-- DATASET RECORDS follows --

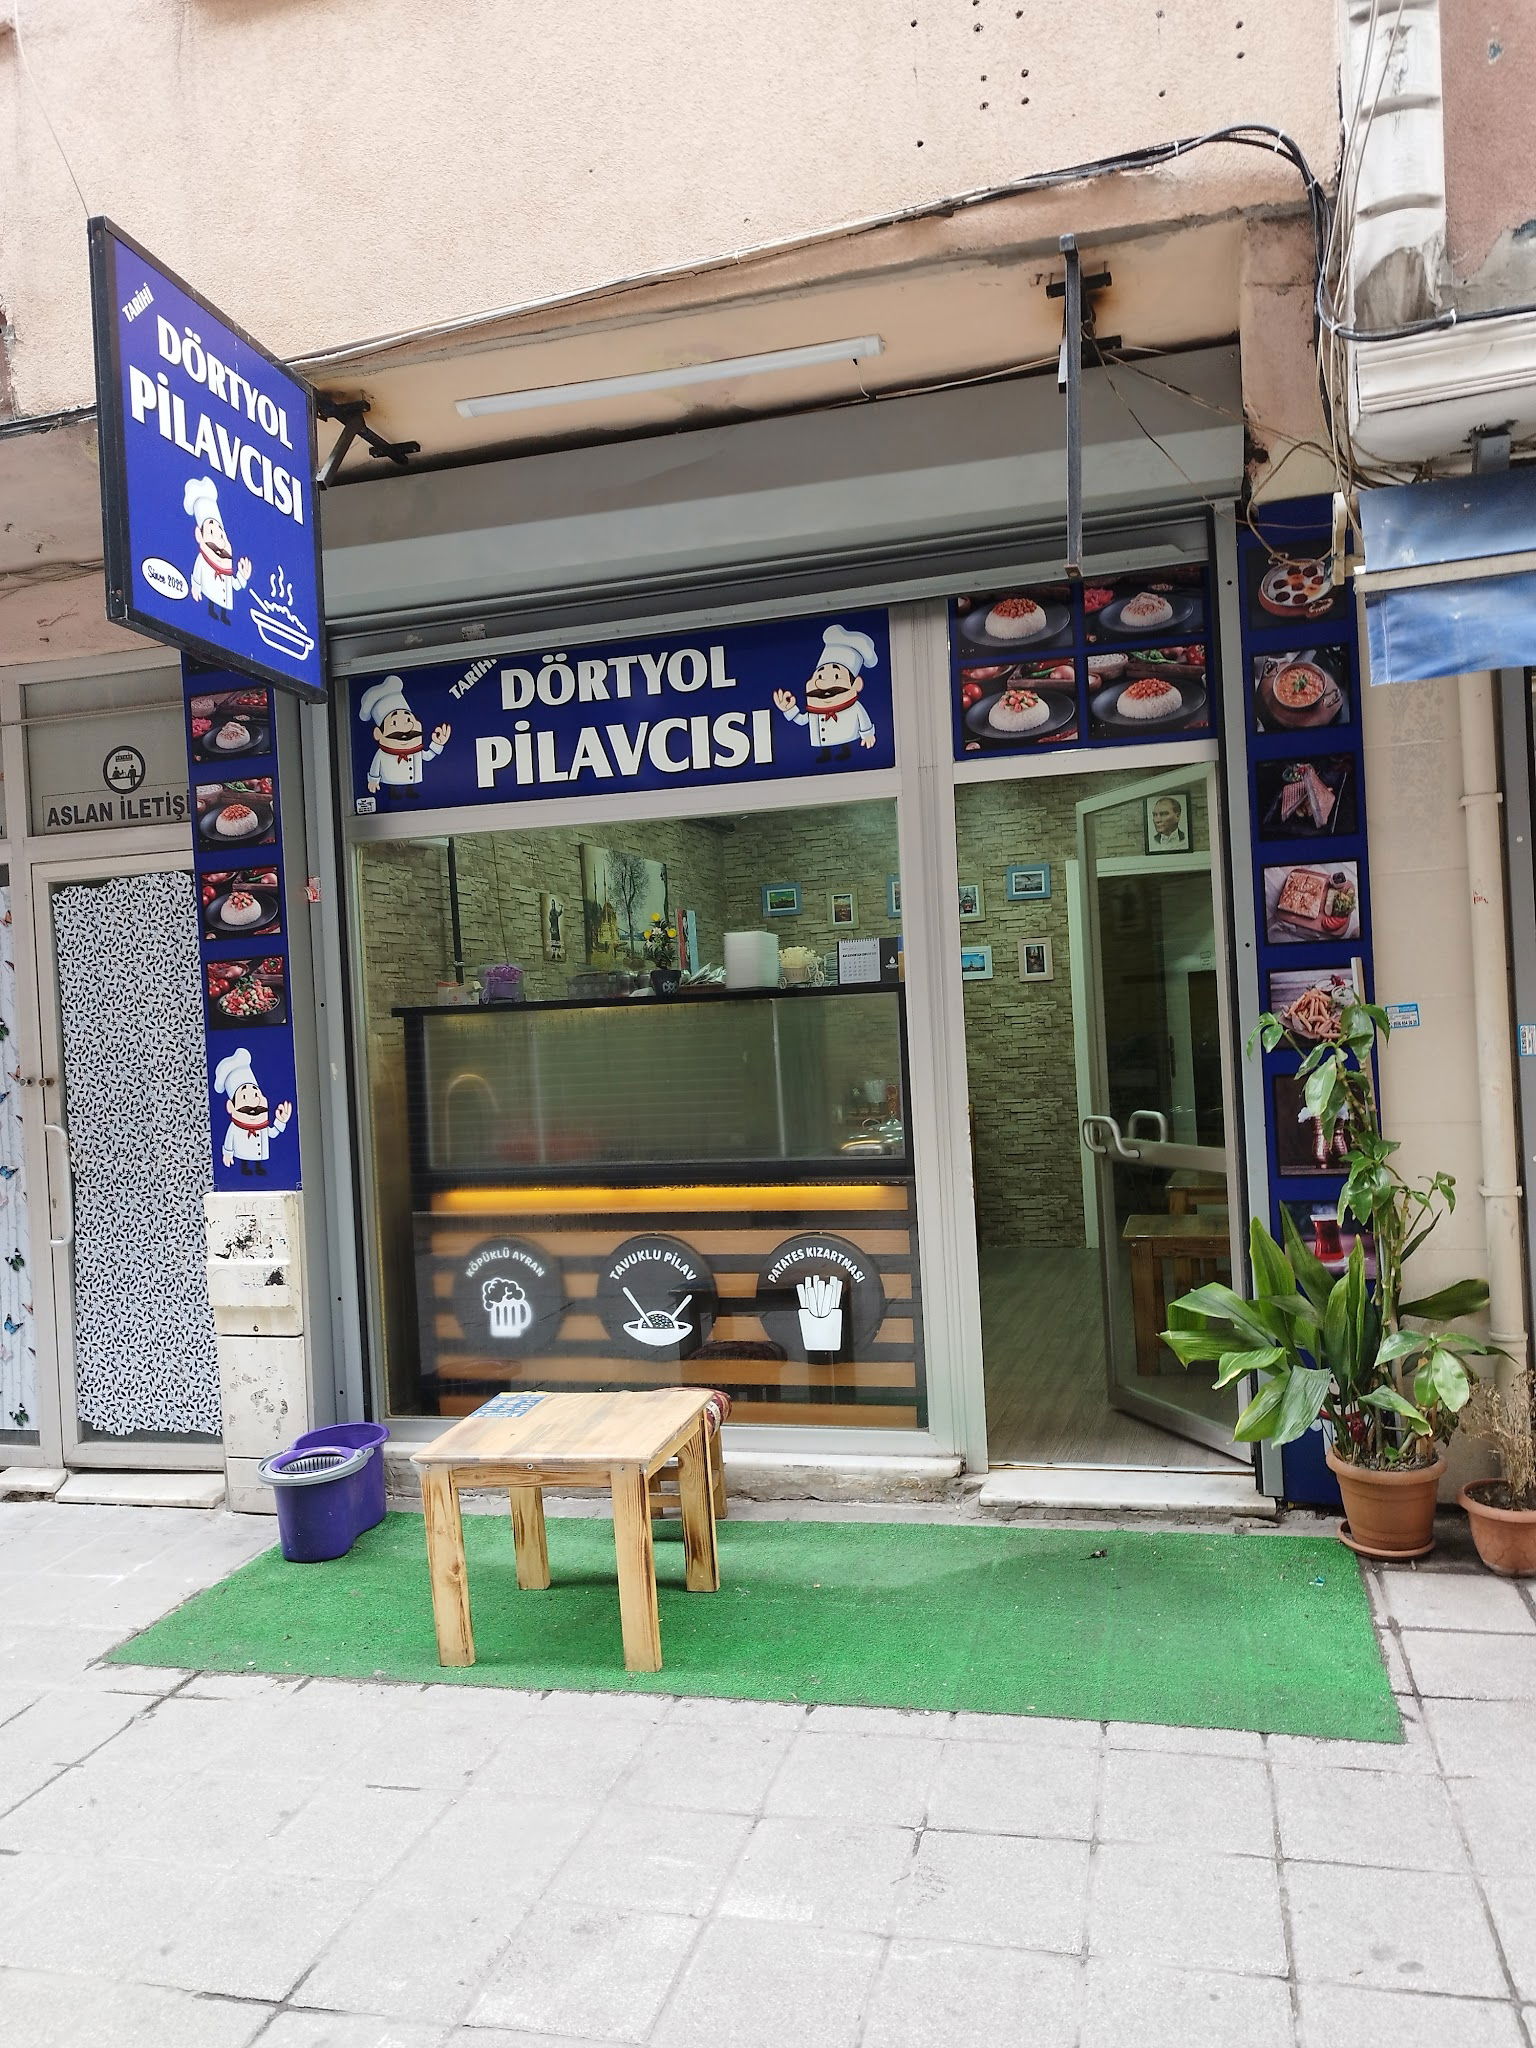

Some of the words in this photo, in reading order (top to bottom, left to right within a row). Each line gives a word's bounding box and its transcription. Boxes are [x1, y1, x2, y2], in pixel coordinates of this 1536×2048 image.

[121, 281, 155, 323] TARİHİ
[156, 314, 294, 451] DÖRTYOL
[128, 364, 304, 525] PİLAVCISI
[147, 564, 167, 584] Since
[167, 574, 184, 593] 2022
[500, 645, 737, 711] DÖRTYOL
[475, 709, 774, 789] PİLAVCISI
[47, 801, 114, 828] ASLAN
[465, 1246, 511, 1278] KÖPÜKLÜ
[512, 1250, 545, 1278] AYRAN
[609, 1249, 662, 1280] TAVUKLU
[663, 1252, 698, 1281] PİLAV
[767, 1248, 805, 1284] PATATES
[806, 1246, 866, 1284] KIZARTMASI
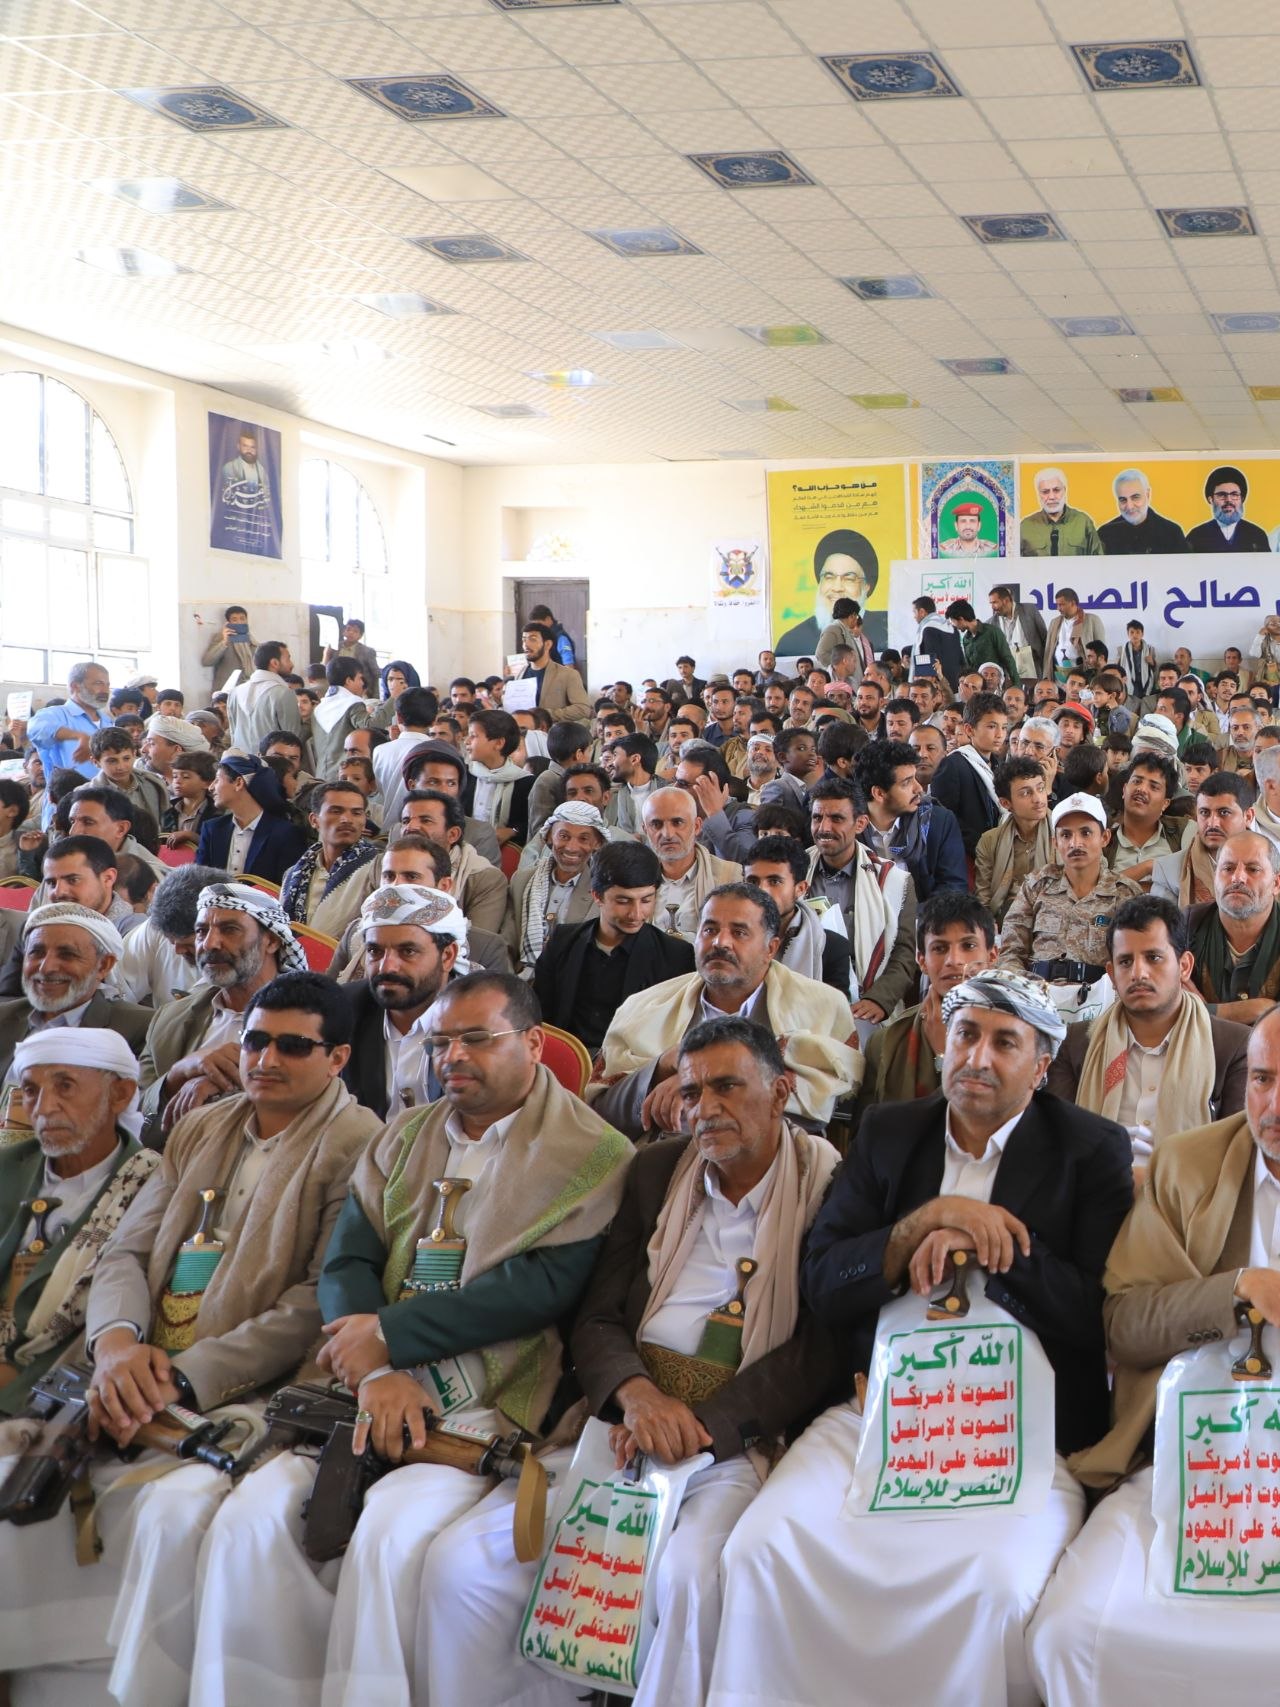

-- DATASET RECORDS concluded --

YOUR TASK ::
Give all of the material again, exactly, apart from the pictures.

ANSWER AREA ::
Some of the words in this photo, in reading order (top to bottom, left to right within a row). Each line gives a word's bounding box and its transcription. Boxes are [x1, y1, x2, y2], in pixel coordinates of this 1536×2048 image.

[121, 281, 155, 323] TARİHİ
[156, 314, 294, 451] DÖRTYOL
[128, 364, 304, 525] PİLAVCISI
[147, 564, 167, 584] Since
[167, 574, 184, 593] 2022
[500, 645, 737, 711] DÖRTYOL
[475, 709, 774, 789] PİLAVCISI
[47, 801, 114, 828] ASLAN
[465, 1246, 511, 1278] KÖPÜKLÜ
[512, 1250, 545, 1278] AYRAN
[609, 1249, 662, 1280] TAVUKLU
[663, 1252, 698, 1281] PİLAV
[767, 1248, 805, 1284] PATATES
[806, 1246, 866, 1284] KIZARTMASI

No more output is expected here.